▶ **TASK PROMPT**
Give an exact copy of every entry.

□ □ □ □

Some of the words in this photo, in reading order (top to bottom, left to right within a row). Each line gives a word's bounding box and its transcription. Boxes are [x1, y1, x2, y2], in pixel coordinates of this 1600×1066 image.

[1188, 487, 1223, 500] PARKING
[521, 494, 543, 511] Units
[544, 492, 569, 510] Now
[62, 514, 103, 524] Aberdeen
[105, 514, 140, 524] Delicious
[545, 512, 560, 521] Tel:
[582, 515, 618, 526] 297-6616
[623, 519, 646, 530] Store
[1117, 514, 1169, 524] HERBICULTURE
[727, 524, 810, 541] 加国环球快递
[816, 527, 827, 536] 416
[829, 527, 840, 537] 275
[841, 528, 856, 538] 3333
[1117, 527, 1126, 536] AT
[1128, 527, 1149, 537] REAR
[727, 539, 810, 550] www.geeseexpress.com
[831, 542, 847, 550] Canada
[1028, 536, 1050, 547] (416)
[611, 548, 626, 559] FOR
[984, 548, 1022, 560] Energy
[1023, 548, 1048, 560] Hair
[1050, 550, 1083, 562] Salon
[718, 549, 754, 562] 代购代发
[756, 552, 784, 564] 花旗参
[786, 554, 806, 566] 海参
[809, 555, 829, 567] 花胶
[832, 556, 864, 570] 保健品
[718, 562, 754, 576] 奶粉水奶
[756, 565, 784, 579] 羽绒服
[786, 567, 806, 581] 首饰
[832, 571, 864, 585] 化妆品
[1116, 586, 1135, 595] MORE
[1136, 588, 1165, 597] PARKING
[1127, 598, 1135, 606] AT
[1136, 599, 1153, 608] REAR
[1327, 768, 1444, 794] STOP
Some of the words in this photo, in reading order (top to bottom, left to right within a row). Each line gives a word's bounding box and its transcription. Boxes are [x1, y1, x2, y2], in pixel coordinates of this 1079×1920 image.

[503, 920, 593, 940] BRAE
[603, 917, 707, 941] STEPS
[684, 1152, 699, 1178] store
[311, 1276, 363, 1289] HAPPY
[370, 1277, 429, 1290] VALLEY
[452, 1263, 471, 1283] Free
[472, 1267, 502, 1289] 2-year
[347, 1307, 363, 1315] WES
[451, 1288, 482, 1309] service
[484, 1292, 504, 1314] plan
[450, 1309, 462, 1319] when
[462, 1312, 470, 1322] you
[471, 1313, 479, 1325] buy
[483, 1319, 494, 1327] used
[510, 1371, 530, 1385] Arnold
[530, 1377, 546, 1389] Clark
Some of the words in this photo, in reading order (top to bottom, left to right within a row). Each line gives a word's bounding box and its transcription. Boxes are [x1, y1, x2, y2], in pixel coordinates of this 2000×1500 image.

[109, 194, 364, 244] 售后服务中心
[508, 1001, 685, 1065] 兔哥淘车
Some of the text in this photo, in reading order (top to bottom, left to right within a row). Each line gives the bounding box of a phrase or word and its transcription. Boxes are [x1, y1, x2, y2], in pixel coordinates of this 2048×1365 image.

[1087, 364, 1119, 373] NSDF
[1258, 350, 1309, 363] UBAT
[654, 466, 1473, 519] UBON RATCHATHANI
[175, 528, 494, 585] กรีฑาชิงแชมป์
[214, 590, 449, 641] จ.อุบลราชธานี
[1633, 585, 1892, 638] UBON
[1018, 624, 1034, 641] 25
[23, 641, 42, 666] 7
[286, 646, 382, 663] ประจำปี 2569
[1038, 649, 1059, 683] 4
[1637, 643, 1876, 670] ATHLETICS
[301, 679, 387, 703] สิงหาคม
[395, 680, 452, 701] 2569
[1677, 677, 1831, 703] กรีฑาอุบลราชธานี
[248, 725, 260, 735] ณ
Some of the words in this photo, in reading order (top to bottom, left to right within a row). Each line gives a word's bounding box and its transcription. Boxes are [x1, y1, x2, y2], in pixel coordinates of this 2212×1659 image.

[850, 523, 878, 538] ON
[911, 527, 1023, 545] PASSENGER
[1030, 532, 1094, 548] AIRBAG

□ □ □ □

▶ **PROBLEM SOLUTION**
Some of the words in this photo, in reading order (top to bottom, left to right within a row). Each line gives a word's bounding box and its transcription. Boxes are [x1, y1, x2, y2], in pixel coordinates of this 1600×1066 image.

[1188, 487, 1223, 500] PARKING
[521, 494, 543, 511] Units
[544, 492, 569, 510] Now
[62, 514, 103, 524] Aberdeen
[105, 514, 140, 524] Delicious
[545, 512, 560, 521] Tel:
[582, 515, 618, 526] 297-6616
[623, 519, 646, 530] Store
[1117, 514, 1169, 524] HERBICULTURE
[727, 524, 810, 541] 加国环球快递
[816, 527, 827, 536] 416
[829, 527, 840, 537] 275
[841, 528, 856, 538] 3333
[1117, 527, 1126, 536] AT
[1128, 527, 1149, 537] REAR
[727, 539, 810, 550] www.geeseexpress.com
[831, 542, 847, 550] Canada
[1028, 536, 1050, 547] (416)
[611, 548, 626, 559] FOR
[984, 548, 1022, 560] Energy
[1023, 548, 1048, 560] Hair
[1050, 550, 1083, 562] Salon
[718, 549, 754, 562] 代购代发
[756, 552, 784, 564] 花旗参
[786, 554, 806, 566] 海参
[809, 555, 829, 567] 花胶
[832, 556, 864, 570] 保健品
[718, 562, 754, 576] 奶粉水奶
[756, 565, 784, 579] 羽绒服
[786, 567, 806, 581] 首饰
[832, 571, 864, 585] 化妆品
[1116, 586, 1135, 595] MORE
[1136, 588, 1165, 597] PARKING
[1127, 598, 1135, 606] AT
[1136, 599, 1153, 608] REAR
[1327, 768, 1444, 794] STOP
Some of the words in this photo, in reading order (top to bottom, left to right within a row). Each line gives a word's bounding box and its transcription. Boxes are [x1, y1, x2, y2], in pixel coordinates of this 1079×1920 image.

[503, 920, 593, 940] BRAE
[603, 917, 707, 941] STEPS
[684, 1152, 699, 1178] store
[311, 1276, 363, 1289] HAPPY
[370, 1277, 429, 1290] VALLEY
[452, 1263, 471, 1283] Free
[472, 1267, 502, 1289] 2-year
[347, 1307, 363, 1315] WES
[451, 1288, 482, 1309] service
[484, 1292, 504, 1314] plan
[450, 1309, 462, 1319] when
[462, 1312, 470, 1322] you
[471, 1313, 479, 1325] buy
[483, 1319, 494, 1327] used
[510, 1371, 530, 1385] Arnold
[530, 1377, 546, 1389] Clark
Some of the words in this photo, in reading order (top to bottom, left to right within a row). Each line gives a word's bounding box and its transcription. Boxes are [x1, y1, x2, y2], in pixel coordinates of this 2000×1500 image.

[109, 194, 364, 244] 售后服务中心
[508, 1001, 685, 1065] 兔哥淘车
Some of the text in this photo, in reading order (top to bottom, left to right within a row). Each line gives the bounding box of a phrase or word and its transcription. Boxes are [x1, y1, x2, y2], in pixel coordinates of this 2048×1365 image.

[1087, 364, 1119, 373] NSDF
[1258, 350, 1309, 363] UBAT
[654, 466, 1473, 519] UBON RATCHATHANI
[175, 528, 494, 585] กรีฑาชิงแชมป์
[214, 590, 449, 641] จ.อุบลราชธานี
[1633, 585, 1892, 638] UBON
[1018, 624, 1034, 641] 25
[23, 641, 42, 666] 7
[286, 646, 382, 663] ประจำปี 2569
[1038, 649, 1059, 683] 4
[1637, 643, 1876, 670] ATHLETICS
[301, 679, 387, 703] สิงหาคม
[395, 680, 452, 701] 2569
[1677, 677, 1831, 703] กรีฑาอุบลราชธานี
[248, 725, 260, 735] ณ
Some of the words in this photo, in reading order (top to bottom, left to right within a row). Each line gives a word's bounding box and its transcription. Boxes are [x1, y1, x2, y2], in pixel coordinates of this 2212×1659 image.

[850, 523, 878, 538] ON
[911, 527, 1023, 545] PASSENGER
[1030, 532, 1094, 548] AIRBAG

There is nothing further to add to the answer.